**BRIEF**
For any picture in the lines below, please leave it out and copy the rest exactly.

[Opening SUPPLIED DATA section]

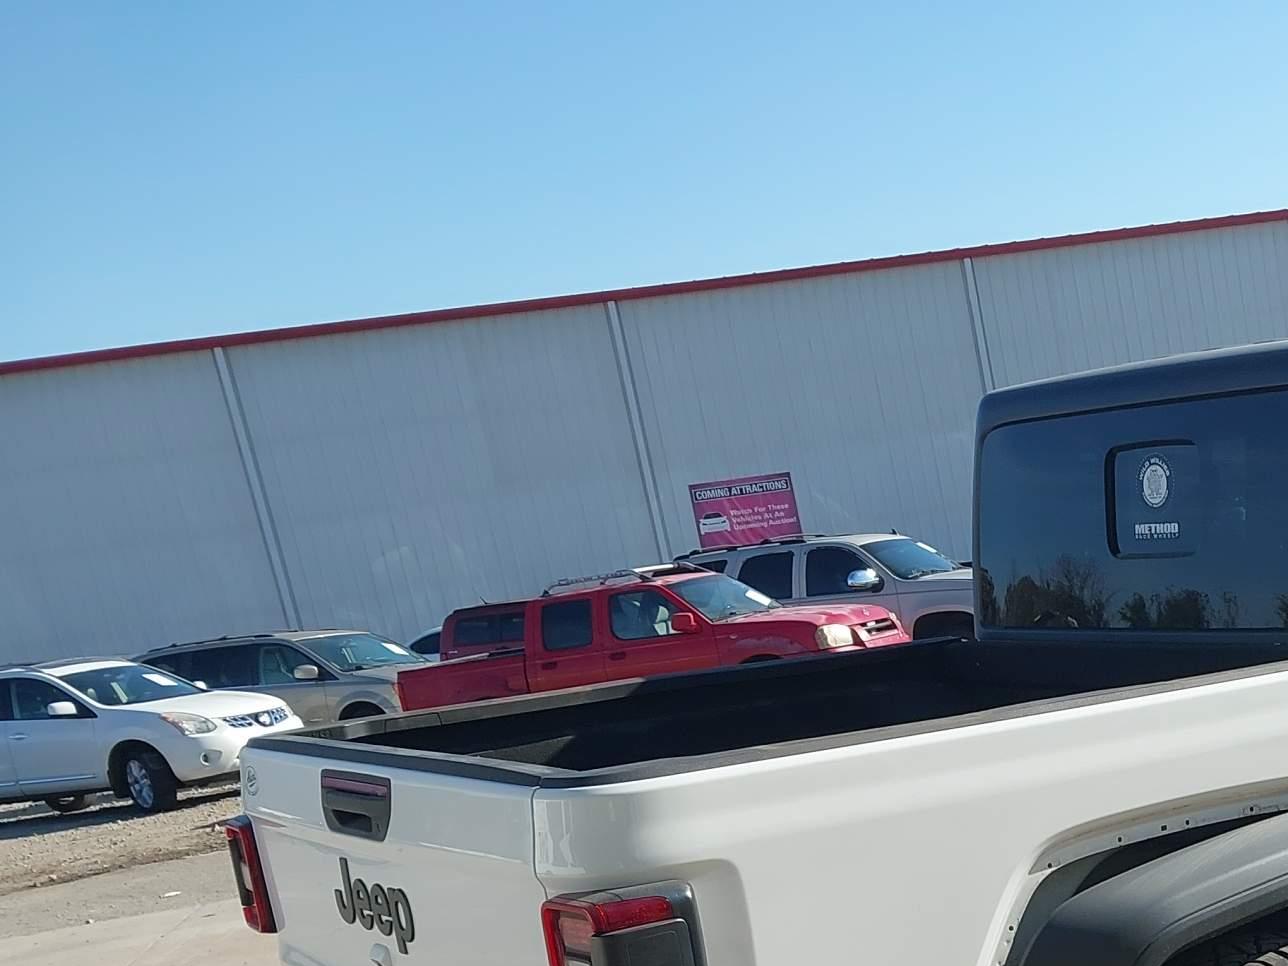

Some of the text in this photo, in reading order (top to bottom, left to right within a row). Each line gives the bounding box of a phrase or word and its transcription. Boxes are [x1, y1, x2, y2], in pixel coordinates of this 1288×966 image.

[696, 480, 787, 500] COMING ATTRACTIONS
[1135, 523, 1179, 534] METHOD
[334, 857, 415, 955] Jeep
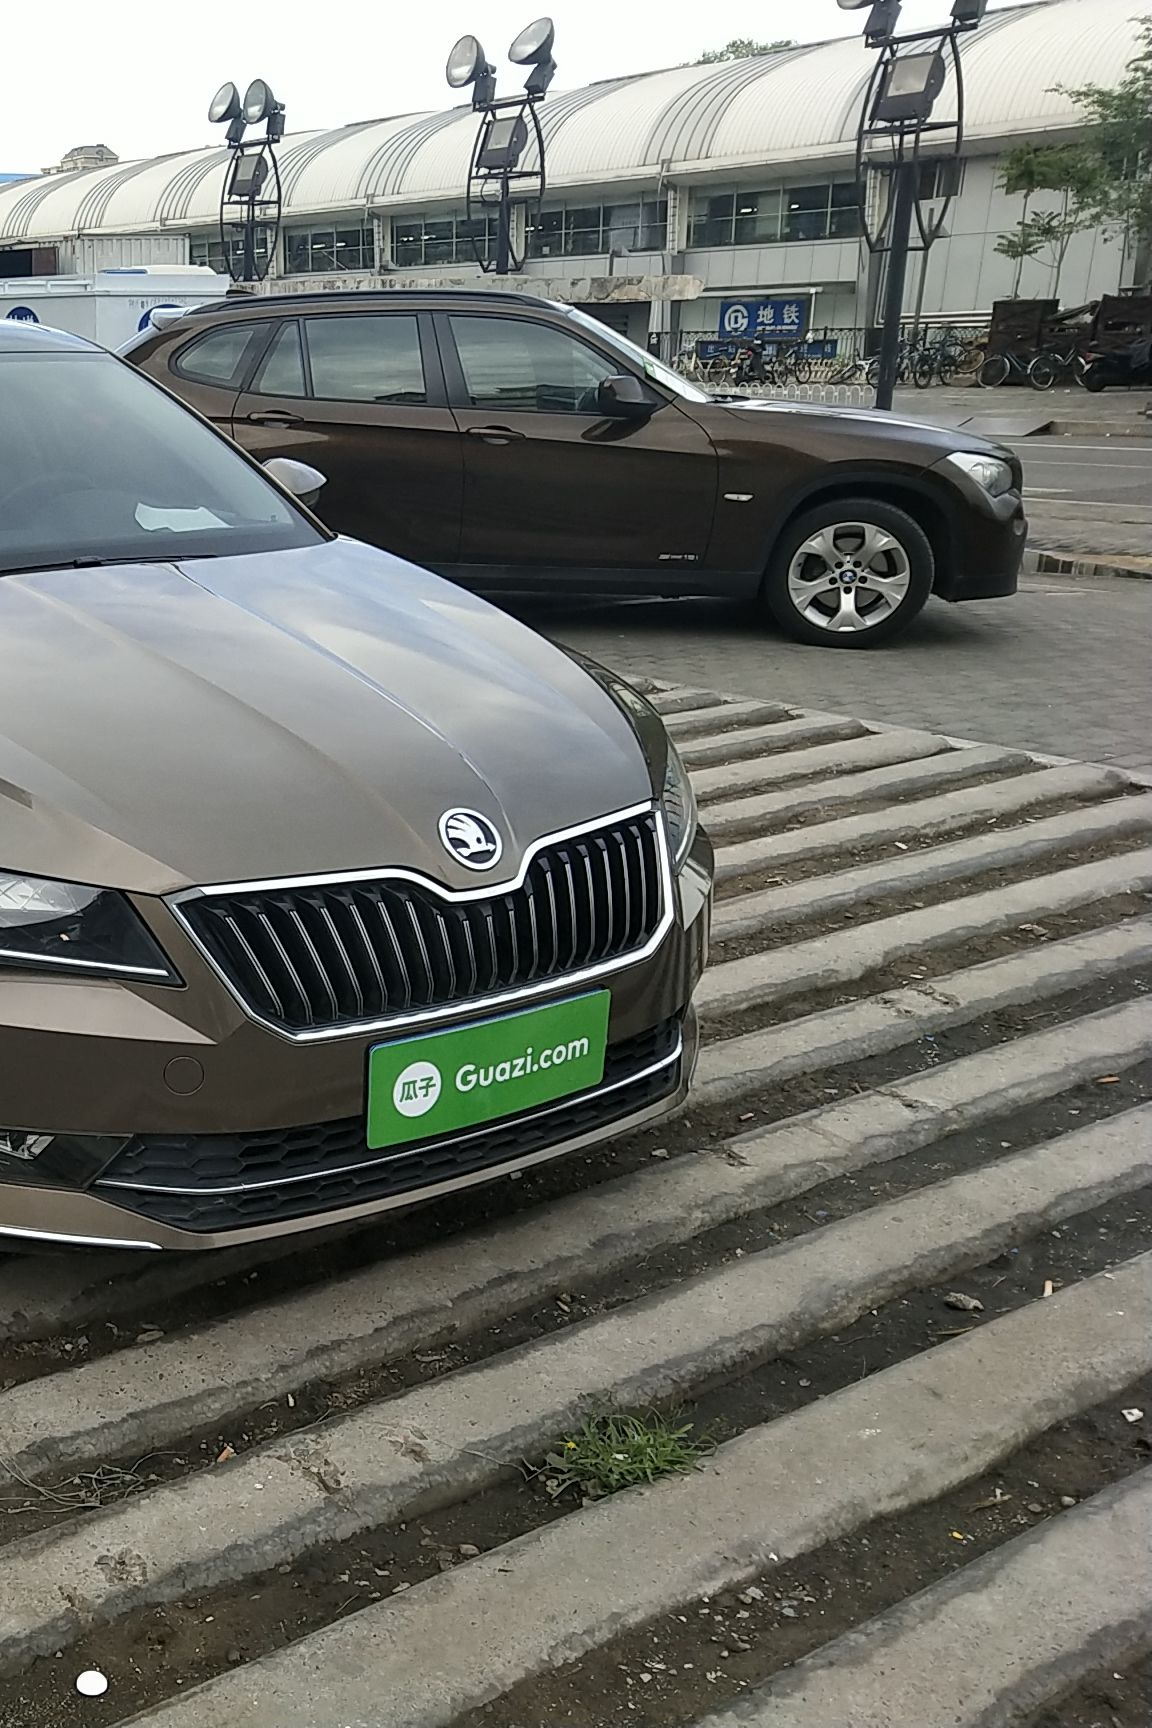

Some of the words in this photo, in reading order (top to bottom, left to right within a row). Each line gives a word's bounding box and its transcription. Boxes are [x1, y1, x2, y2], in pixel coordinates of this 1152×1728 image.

[756, 303, 800, 324] 地铁
[399, 1075, 437, 1104] 瓜子
[455, 1036, 589, 1093] Guazi.com

[Closing SUPPLIED DATA section]

**EXERCISE RESULT**
Some of the text in this photo, in reading order (top to bottom, left to right within a row). Each line gives the bounding box of a phrase or word and its transcription. Boxes are [x1, y1, x2, y2], in pixel coordinates of this 1288×966 image.

[696, 480, 787, 500] COMING ATTRACTIONS
[1135, 523, 1179, 534] METHOD
[334, 857, 415, 955] Jeep

Some of the words in this photo, in reading order (top to bottom, left to right within a row). Each line gives a word's bounding box and its transcription. Boxes are [x1, y1, x2, y2], in pixel coordinates of this 1152×1728 image.

[756, 303, 800, 324] 地铁
[399, 1075, 437, 1104] 瓜子
[455, 1036, 589, 1093] Guazi.com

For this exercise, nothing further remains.